South Korea’s Inter-country Adoption program has been around for at least 60 years. Up to today, there have been around 180,000 Korean transracial adoptees that have been relocated to the U.S., Sweden, the Netherlands, France, Australia and a dozen more countries.
Jaime Dy, 21, majoring in liberal arts with an emphasis in social and behavioral sciences, hosted a film session for a documentary called “Side by Side,” which was directed by Glenn Morey. This is a class project she’s working on and its purpose is to raise awareness and start a discussion about the Intercountry Adoption program.
A number of babies and kids in this adoption program spend up to six months in an orphanage in their new country before they are picked up by their future parents. Other adoptees were personally delivered by a family member to a random stranger.
Meanwhile, there are newborn babies who were dropped off at the doorstep of random strangers’ houses. There are also certain adoptees who were the result of adultery.
One adoptee from the film shared her personal experience.
“When you’re abandoned in a public place, and there’s no record (of the) birth mother, or father. There’s no identifying information (and) nobody left a note.”
Many thousands of multiracial babies were born from a relationship between American GI soldiers and gijichons, which is a Korean military prostitute. As a result, Korea started the Intercountry Adoption program in an effort to purge the country of these mixed-race kids that they labeled as “human refuse.”
The journey of an adoptee’s struggles start from the moment they land in a foreign country. An adoptee from the film, living in Milwaukee, illustrated his life.
“The way I like to describe it is that basically, I grew up feeling like a Martian who had been grabbed from outer space in a spaceship.”
As these adoptees transitioned from childhood towards adulthood, they struggled to fit in an environment and culture that was deprived of people who looked like them. An adoptee from the film, living in Australia, tried putting talcum powder on her face because she thought that it was her skin color that made her different.
Mae Lee, a chairwoman of the Asian American and Asian Studies and a De Anza College professor who teaches Asian American and Ethnic Studies, offers her own take on this film.
“For me, the film has so many touch points with Asian American studies, even as it focuses on the diaspora of Korean adoptees around the world,” M. Lee wrote in an email interview. “I found the kind of racialized marginalization described by the speakers to be uncanny in their similarity. As a Korean child adoptee, so many experienced parallel derision for their physical features (skin, nose, eyes, etc.)”

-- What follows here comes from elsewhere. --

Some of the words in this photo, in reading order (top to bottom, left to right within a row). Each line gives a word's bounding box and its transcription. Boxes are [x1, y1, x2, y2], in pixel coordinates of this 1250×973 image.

An American adoptee from the film said, “I think the way I internalize that experience was (that) I was bad. I was defective. There was something wrong with me. So I sort of grew up with that self-concept.”
Even after these adoptees grow up and get a chance to revisit their home country, they face certain challenges. A second American adoptee from the film shared what her biological mother said to her after they met for the first time.

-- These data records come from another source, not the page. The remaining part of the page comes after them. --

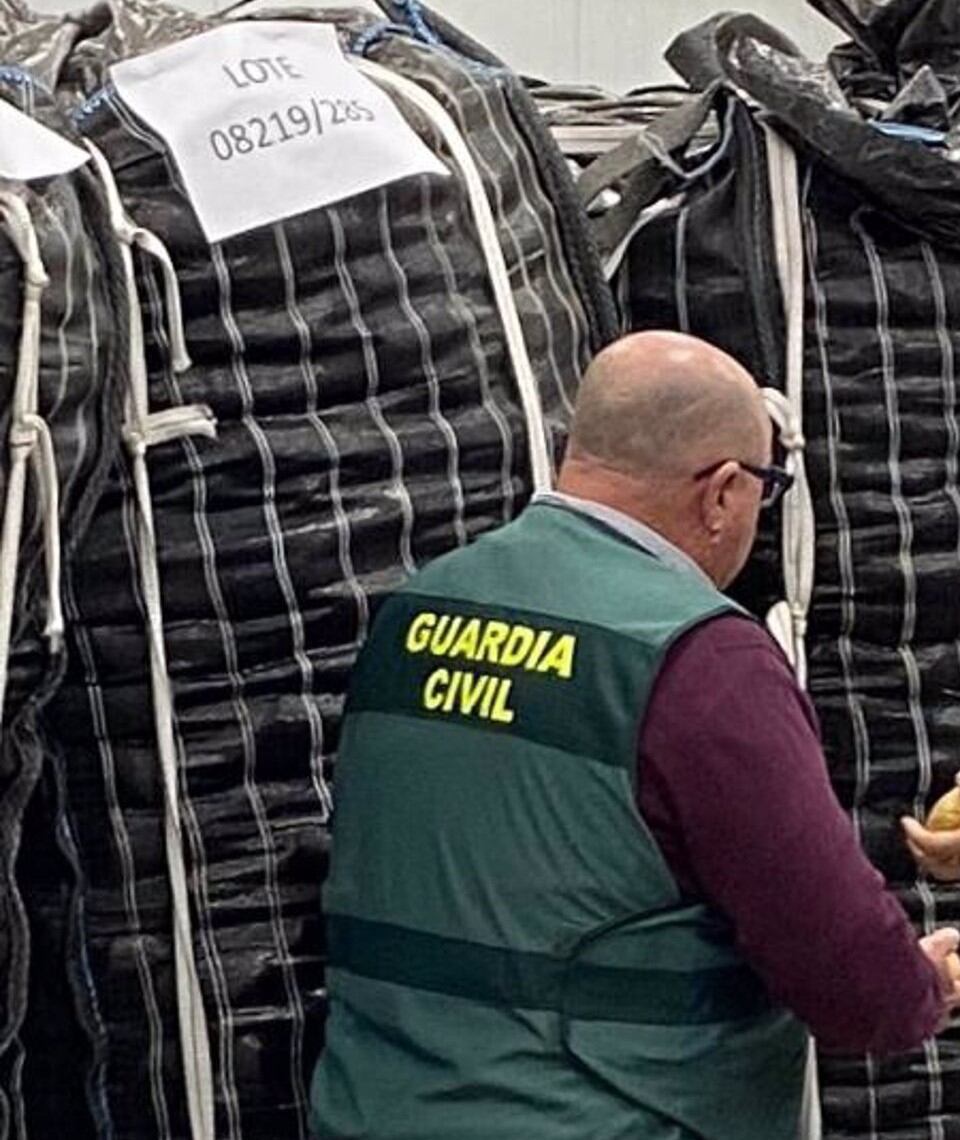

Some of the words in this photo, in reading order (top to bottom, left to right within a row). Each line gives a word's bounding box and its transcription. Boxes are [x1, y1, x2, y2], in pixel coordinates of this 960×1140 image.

[222, 56, 304, 88] LOTE
[209, 97, 376, 161] 08219/285
[405, 612, 577, 679] GUARDIA
[423, 667, 515, 723] CIVIL
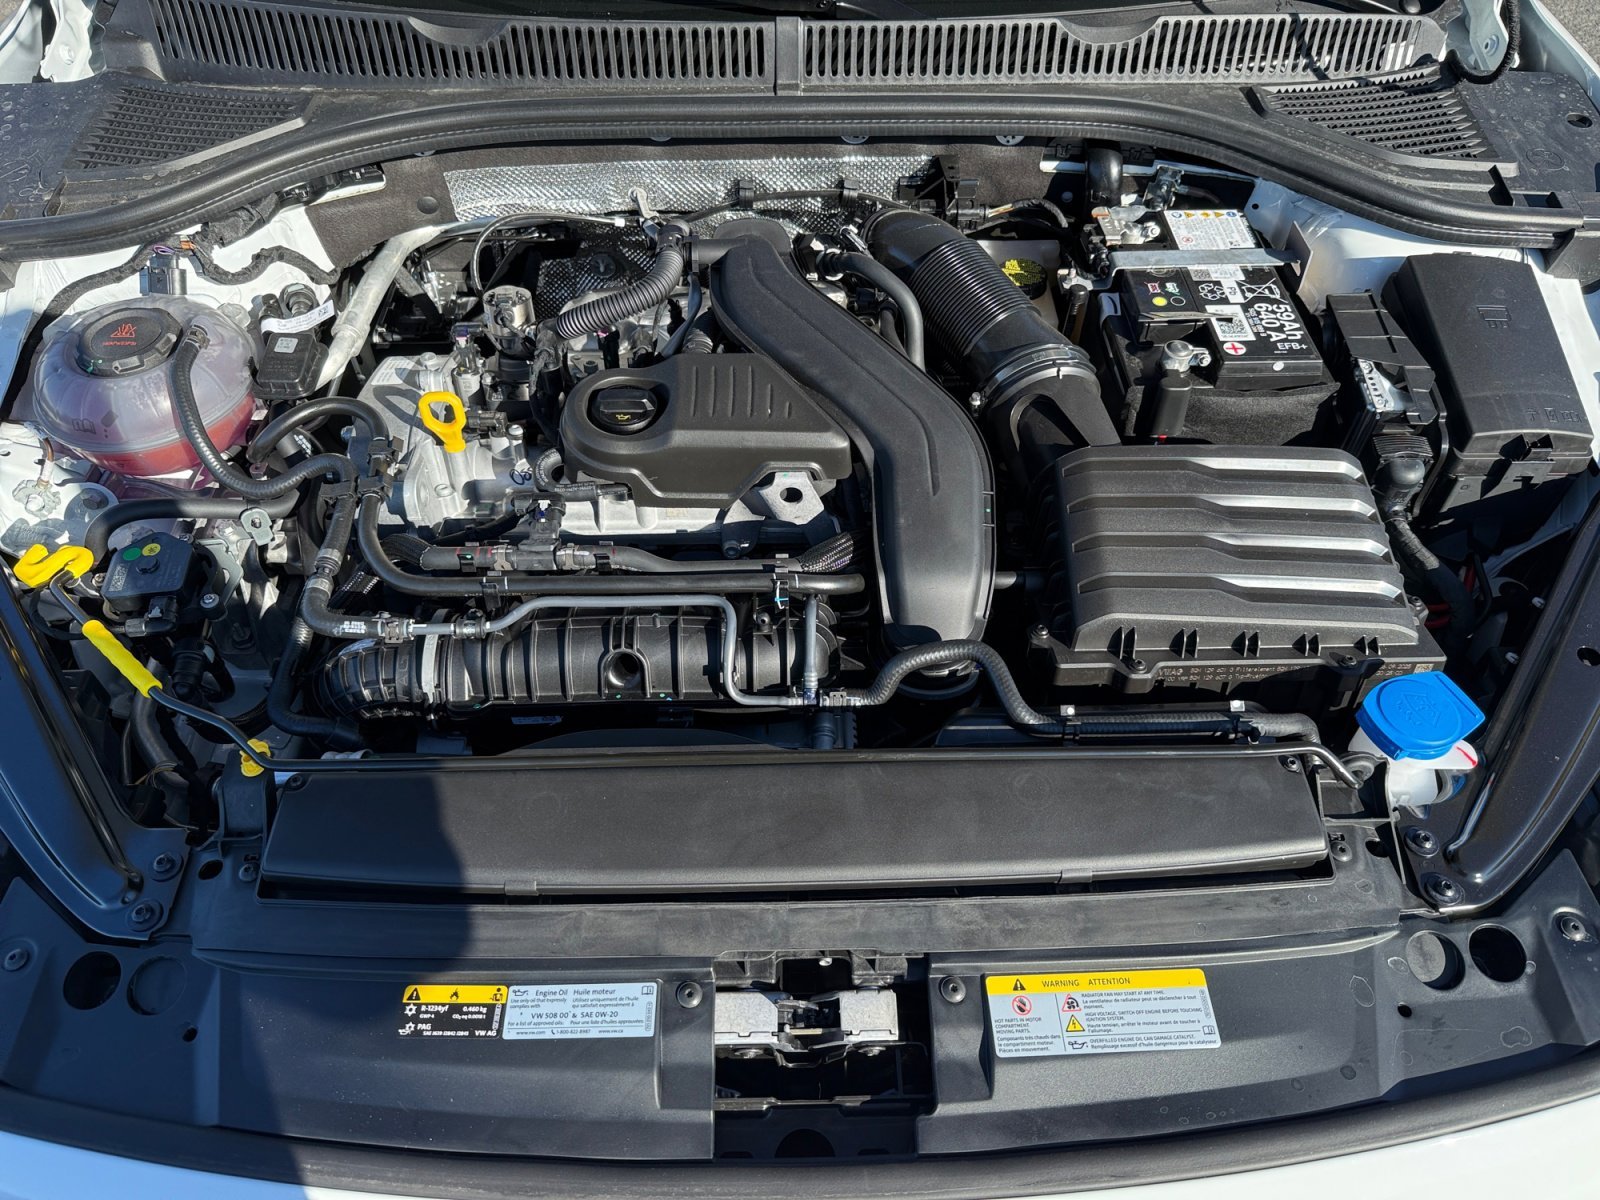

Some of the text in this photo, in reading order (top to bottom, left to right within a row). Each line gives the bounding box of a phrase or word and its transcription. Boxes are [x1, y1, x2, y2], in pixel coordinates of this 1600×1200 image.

[1254, 303, 1281, 327] 640
[1273, 304, 1304, 340] 59Ah
[1266, 331, 1287, 342] A
[1277, 342, 1308, 350] EFB+
[1041, 976, 1131, 988] WARNING ATTENTION
[535, 989, 558, 998] Engine
[573, 988, 591, 996] Huile
[421, 1005, 449, 1013] R-1234yf
[594, 1010, 619, 1018] 0W-20
[417, 1023, 432, 1031] PAG

“I know you’re my daughter. But the last time I saw you, you were three and now, you’re this grown woman. I don’t know who you are.”
It’s not only the struggles to reconnect to the adoptee’s biological family that they have to overcome but adoptees also have to contend with whether their home country is willing to accept them back as one of their own.
“This is my interpretation as being a part of the tribe, kind of in some distant outer ring and not a very well accepted ring either,” said the Milwaukee adoptee from the film. “I strongly urge any Korean adoptee who is interested to go visit (South Korea) but I also advise them that if they think that it’s going to be an easily integrated experience, they should think again.”
Debbie Lee, a Dean of the Intercultural and International Studies Division at De Anza College that oversees Ethnic Studies, Global Studies, Women’s Studies and the World Languages, had more questions than answers after watching this film.
D. Lee wrote in an email interview, “How do we make adoptees not feel like they are outliers? Sometimes they are rejected by Korean society because they are not seen as real Koreans, while they may feel rejected by their host country since they are not quite seen as real Americans or real French, etc.”
The Milwaukee adoptee from the film adds, “I thought that by going to South Korea, I would be able to put all my puzzle pieces together and I just ended up with more puzzle pieces.”